Possible interventions or their properties are listed in the following section. But maybe it can be useful not to think at the level of interventions, but to start at a plan (or playbook or maybe theory of victory) and then find interventions flowing from that plan. For example, the plan develop model evaluations and have leading labs agree to them currently seems promising; we can ask
How can the evals plan help slow AI?
How can we support/facilitate the evals plan? What slowing-related desiderata help enable the evals plan (and what interventions would promote those desiderata)?
What slowing-related interventions does the evals plan enable or synergize with? In worlds where people work on the evals plan, what new opportunities for slowing AI appear?
(Or not just slowing-related interventions. This paragraph applies to strategy in general, not just slowing AI. And most AI plans aren’t focused on slowing AI; that’s fine.)
A big class of AI plans seems to have components (1) do technical AI safety research and (2) slow the deployment of systems that would cause existential catastrophe (especially by slowing their development). Particular existing plans may incorporate observations on slowing-related frames, considerations, variables, affordances, or interventions. Perhaps we can improve and/or steal the slowing-related component of an existing plan.
This is a list of possible interventions, classes of interventions, and characteristics and consequences of interventions related to slowing AI. It’s poorly organized and I don’t analytically endorse it. I also don’t necessarily endorse listed interventions. (One major ambiguity here: interventions by whom? Different actors have different options.)
Help labs slow down for safety (now or later)
Cause labs to want to slow down for safety
Advocacy to labs and the ML research community
Make safety more prestigious
Help labs determine what is risky
Making safety research legible to labs
Help labs coordinate to slow down
Help labs develop and agree to safety standards
Help labs make themselves partially transparent
Make labs’ (and researchers’) attitudes on risk and safety common knowledge
Make labs’ (and researchers’) shared values common knowledge
Katja Grace says: “Formulate specific precautions for AI researchers and labs to take in different well-defined future situations, Asilomar Conference style. These could include more intense vetting by particular parties or methods, modifying experiments, or pausing lines of inquiry entirely. Organize labs to coordinate on these.”
Cause labs to prefer projects and systems that are less risky and less likely to lead to risk
[Not sure how to do that, other than regulation, discussed below]
Help researchers or lab employees develop affordances for collective action (Katja Grace says: “Help organize the researchers who think their work is potentially omnicidal into coordinated action on not doing it”)
Decrease labs’ access to inputs to AI progress
Decrease labs’ access to compute (for large training runs)

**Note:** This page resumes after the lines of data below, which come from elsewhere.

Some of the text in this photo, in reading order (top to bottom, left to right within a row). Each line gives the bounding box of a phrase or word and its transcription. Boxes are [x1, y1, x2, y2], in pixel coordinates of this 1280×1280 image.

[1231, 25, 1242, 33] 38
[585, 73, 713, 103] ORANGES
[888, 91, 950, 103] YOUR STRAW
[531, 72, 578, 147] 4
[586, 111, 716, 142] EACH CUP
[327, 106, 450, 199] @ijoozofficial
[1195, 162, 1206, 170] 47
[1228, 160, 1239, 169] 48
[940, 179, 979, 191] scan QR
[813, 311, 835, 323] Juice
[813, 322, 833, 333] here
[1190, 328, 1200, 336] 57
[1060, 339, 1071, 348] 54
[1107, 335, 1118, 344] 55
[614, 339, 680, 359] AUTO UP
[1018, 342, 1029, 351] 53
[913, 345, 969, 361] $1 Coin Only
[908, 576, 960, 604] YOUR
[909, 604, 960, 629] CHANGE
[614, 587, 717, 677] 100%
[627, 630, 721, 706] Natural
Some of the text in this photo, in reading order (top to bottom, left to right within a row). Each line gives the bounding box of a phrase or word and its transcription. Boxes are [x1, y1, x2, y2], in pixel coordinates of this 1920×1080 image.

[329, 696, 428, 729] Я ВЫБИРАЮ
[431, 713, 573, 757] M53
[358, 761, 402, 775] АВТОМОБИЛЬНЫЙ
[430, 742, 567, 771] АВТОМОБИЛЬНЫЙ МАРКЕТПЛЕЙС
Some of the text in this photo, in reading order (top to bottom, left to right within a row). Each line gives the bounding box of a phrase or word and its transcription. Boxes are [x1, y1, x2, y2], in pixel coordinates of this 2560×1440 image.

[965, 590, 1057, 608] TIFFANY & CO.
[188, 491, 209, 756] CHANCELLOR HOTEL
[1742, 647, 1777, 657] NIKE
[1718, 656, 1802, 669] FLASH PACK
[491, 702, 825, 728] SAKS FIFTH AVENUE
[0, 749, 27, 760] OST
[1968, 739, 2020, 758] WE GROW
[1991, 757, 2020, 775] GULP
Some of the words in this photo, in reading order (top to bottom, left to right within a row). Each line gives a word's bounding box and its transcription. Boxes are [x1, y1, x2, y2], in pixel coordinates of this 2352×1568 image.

Track compute and regulate access to compute for large training runs
Intervene on the supply chain or regulate production
Increase the short-term price of compute by increasing short-term demand
(Maybe) export controls and regulating trade
Decrease labs’ money
Decrease investment in AI labs
Make AI products less profitable (through policy)
Decrease labs’ access to data
Cause companies to not train AI on private data
Motivated by protecting privacy
Motivated by protecting intellectual property
Through companies wanting to respect privacy
Cause companies to not train AI on synthetic data
Cause companies to not train AI on certain parts of the internet
Decrease labs’ access to capability-increasing external research, or decrease diffusion of ideas, algorithms, and models (related desiderata: decrease labs’ access to risk-increasing external research)
Cause capability-increasing ideas to not be published or otherwise propagated
Decrease labs’ access to research talent
Cause researchers to less prefer to do work that increases risk (e.g., perhaps large language models, reinforcement learning agents, and compute-intensive models vs self-driving cars and image generation) (somewhat related: prestige races)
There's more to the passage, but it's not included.